Miedo, tanto miedo
Una de las corazas contra la tristeza son los amigos, y Alicia no siempre los tuvo. Se había encontrado sola en las noches de calor, tendida en su hamaca, soñando lo que le iba a deparar la mañana. Años después de haberlos soñado, se preguntaba por los procesos que le habían llevado a pensar en realidades que no estaban a la vuelta de la esquina, en la realidad sólo percibida. ¿Cómo podía el cerebro crear información nueva o interrumpir por sí solo la vida de un niño, de su quinto hermano, de Gustavo? ¿Cómo se podía sentir tanto miedo de repente, sin motivo aparente? No tuvo ningún reparo, pues, en iniciar la búsqueda para ayudar a Blanca, Jimena, Guadalupe, Arco —el marido de ésta—, Maggie, a ella misma, hasta nutrirse todos del conocimiento que Luis les podía aportar.
Cuando Alicia era joven nadie sabía nada sobre el comportamiento emocional. Su miedo a la soledad era enfermizo y, efectivamente, entonces se ponía a llorar como Blanca ahora al pensar que un día podía quedarse sola. «Tú acabarás estando sola», le espetaba con cierta crueldad su hermana, sabedora del terror y las lágrimas que esa amenaza iba a desatar. Recordaba que en la hacienda, cuando niña, se sentía confortada por la noche al dormir todos los hermanos juntos, repartidos por el suelo encima de una manta y en varias hamacas. La única cama estaba en el cuarto de los padres; el presupuesto no daba para otra.
Cuando los niveles de renta permitieron a europeos y americanos aislar a todos los durmientes, lo hicieron sin consideración alguna del desgarro emocional que supuso para millones de niñas y niños dormir aislados, solos, cada uno en dormitorios separados. Dormir acompañados no sólo estaba en las redes sociales, sino en el genoma humano. ¿Quién decidió que, a medida que aumentaba la renta, se seguiría formando parte de la manada durante el día, pero se aislaría en la oscuridad más impenetrable a los niños durante toda la noche?
Esos sueños no dejaron huella en la mente de Alicia, salvo el recuerdo de la belleza de volar; siempre que soñaba sobrevolaba la hacienda, el río, el amago de bosque, los socavones del terreno, y con ellos los trilobites petrificados desde hacía cuatrocientos millones de años, con toda seguridad, las caracolas fosilizadas eran el testimonio innegable de que el mar había inundado otrora aquellos parajes. Hacía algo menos, unos doscientos veinte millones de años, aseguraba Ignacio Morgado, catedrático de Psicobiología en el Instituto de Neurociencia de la Universidad Autónoma de Barcelona, que la amígdala había iniciado su perfeccionamiento evolutivo.
Alicia bajaba de las nubes para acariciar casi a ras de suelo a los animales queridos, remontando enseguida el vuelo.

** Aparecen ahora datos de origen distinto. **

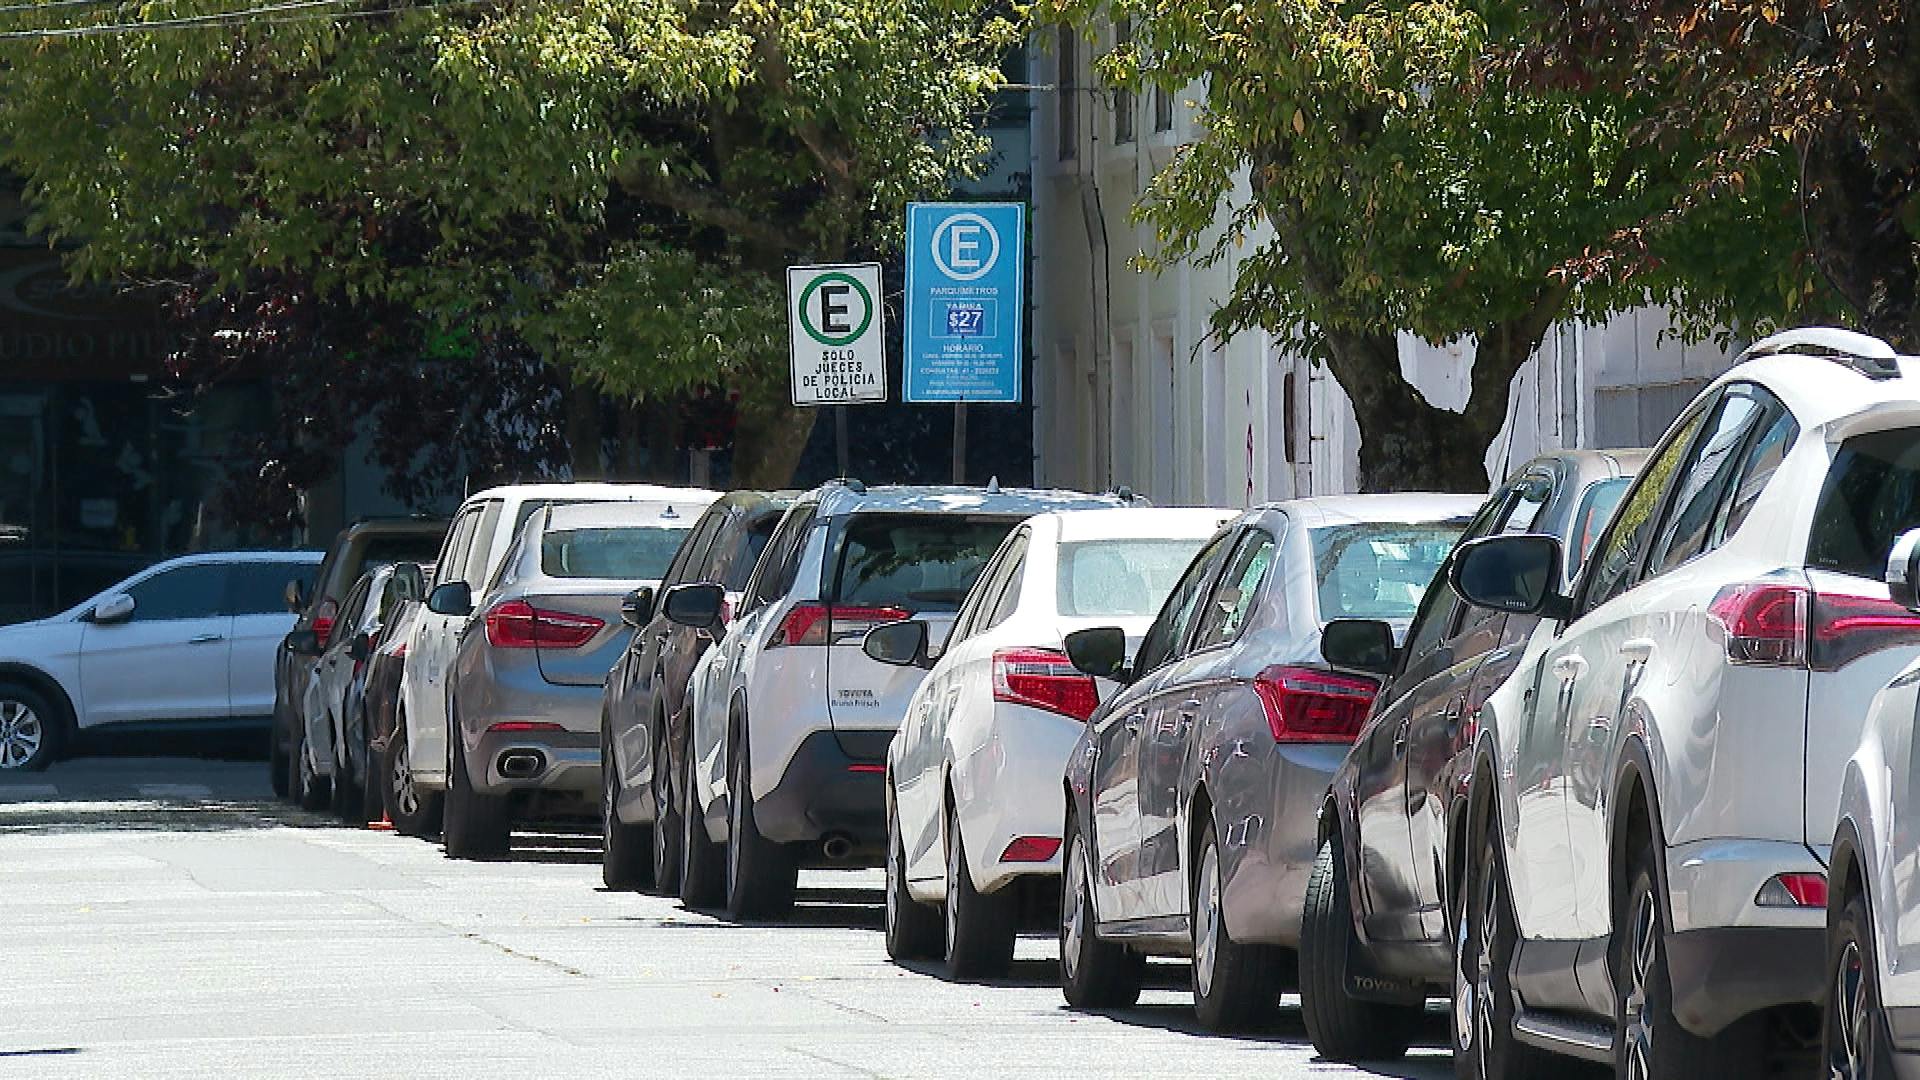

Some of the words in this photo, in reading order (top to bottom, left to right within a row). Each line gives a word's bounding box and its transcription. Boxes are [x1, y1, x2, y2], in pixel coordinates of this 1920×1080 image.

[951, 225, 980, 267] E
[821, 285, 851, 332] E
[949, 311, 982, 327] $27
[822, 349, 855, 361] SOLO
[943, 344, 983, 353] HORARIO
[815, 361, 863, 374] JUECES
[803, 376, 818, 387] DE
[824, 374, 875, 386] POLICIA
[816, 388, 857, 399] LOCAL

Eran los momentos más felices de su vida, en los que el ánimo prescindía del mundo de los objetos y personas a los que, durante el día, debía obedecer sin faltarles al respeto. Sin ser consciente de ello, intuía que su ánimo influía en el color y la textura de la realidad. Cuando se sentía feliz sobrevolando en sueños el mundo que la rodeaba, sólo sentía un sosiego tierno y un esplendor sin fin. El mundo que contemplaba en sueños no tenía nada que ver con el mundo cotidiano.
¿Cómo no sacar entonces la conclusión de que las emociones de uno influencian en un sentido u otro la visión que se tiene de la naturaleza? Faltaban años todavía para que científicos como Joe Forgas, de la Universidad de New South Wales (Australia), demostraran mediante un experimento algo que dio la vuelta al mundo: nuestra manera de evaluar lo que vemos depende del estado de ánimo.

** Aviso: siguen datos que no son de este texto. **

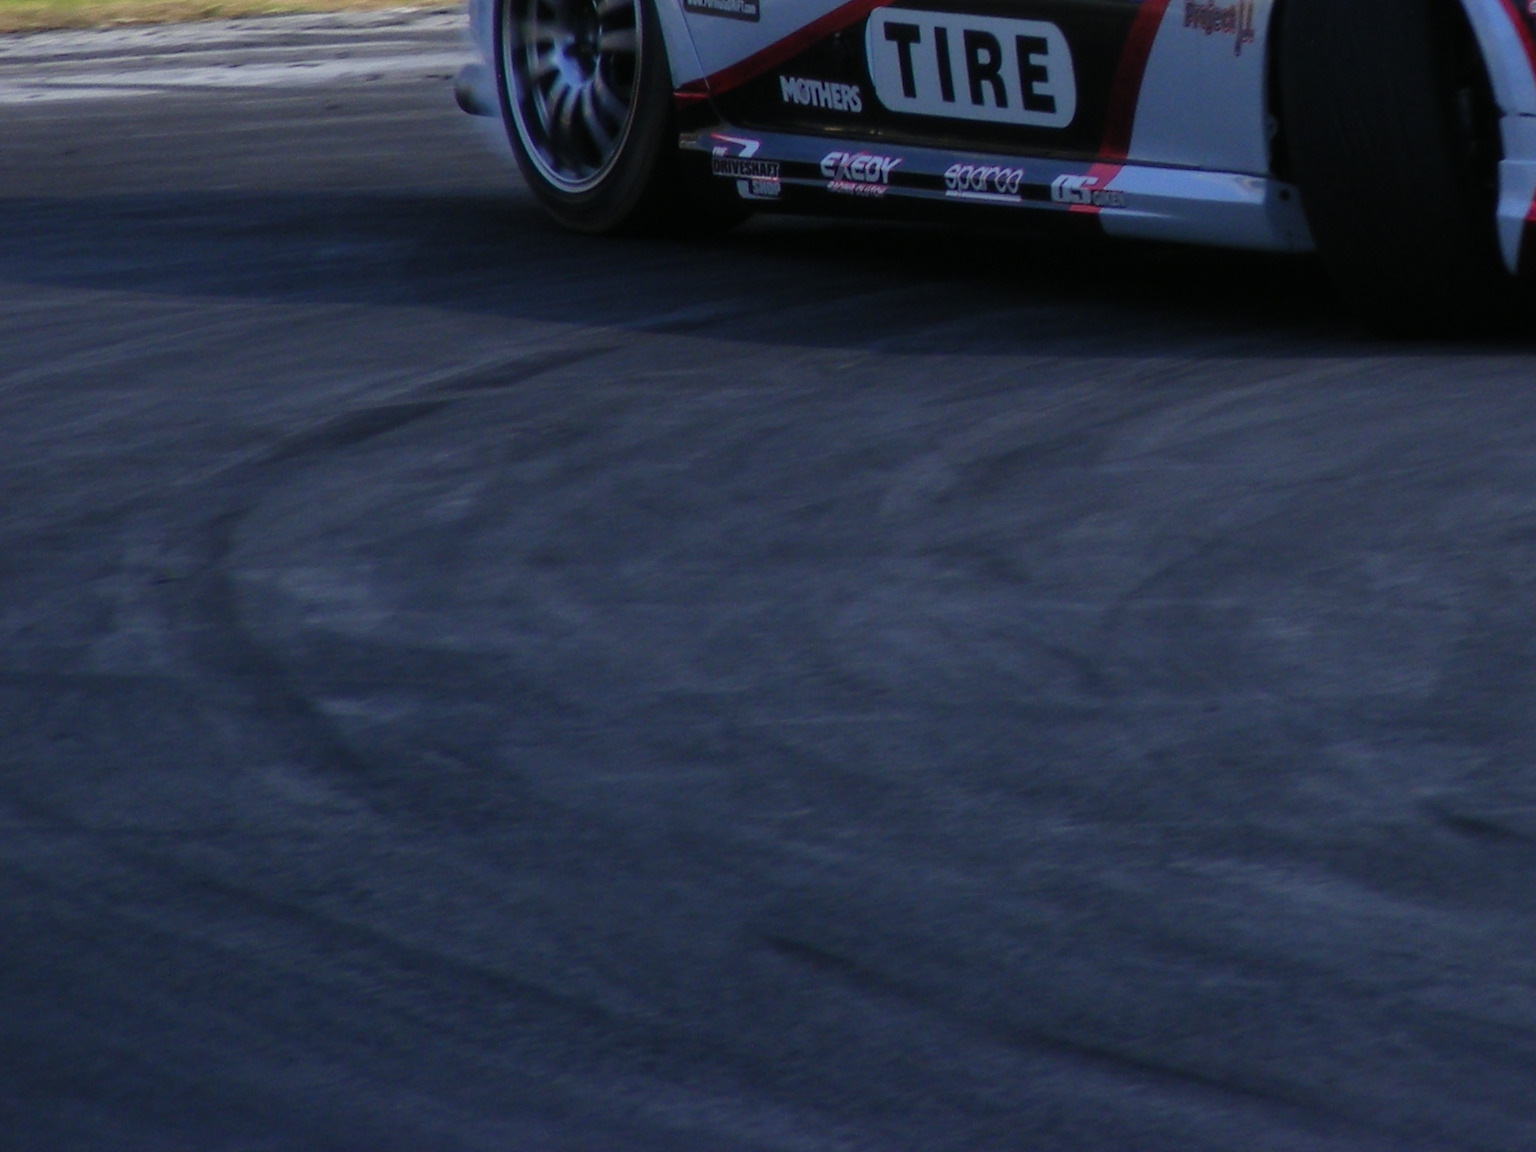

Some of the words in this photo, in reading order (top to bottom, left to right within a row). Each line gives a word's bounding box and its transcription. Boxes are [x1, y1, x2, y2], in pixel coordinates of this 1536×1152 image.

[883, 21, 1057, 114] TIRE
[779, 75, 863, 114] MOTHERS
[712, 157, 780, 179] DRIVESHAFT
[819, 150, 902, 185] EXEDY
[944, 163, 1024, 198] sparco
[751, 180, 782, 198] SHOP

Se habían entregado a doscientos estudiantes unas cuantas fotografías de parejas, bien acopladas las unas y discordantes las otras; previamente, la mitad de los concursantes habían visto una película triste y la otra mitad una comedia divertida. La reacción de estos últimos al contemplar las parejas disonantes fue mucho más positiva que la reacción de los que acababan de ver la película triste.
Menos de treinta años de reflexión sobre las emociones han desembocado en su definición primero y en el conocimiento de su impacto después. Faltaba por descubrir la complejidad del mecanismo para gestionarlas. Luis había sabido resumir el principio rector de esa gestión y Alicia estaba dispuesta a que el primer contacto de los que vinieron de tan lejos para escucharle versara, precisamente, sobre los cambios más recientes y revolucionarios en las terapias emocionales.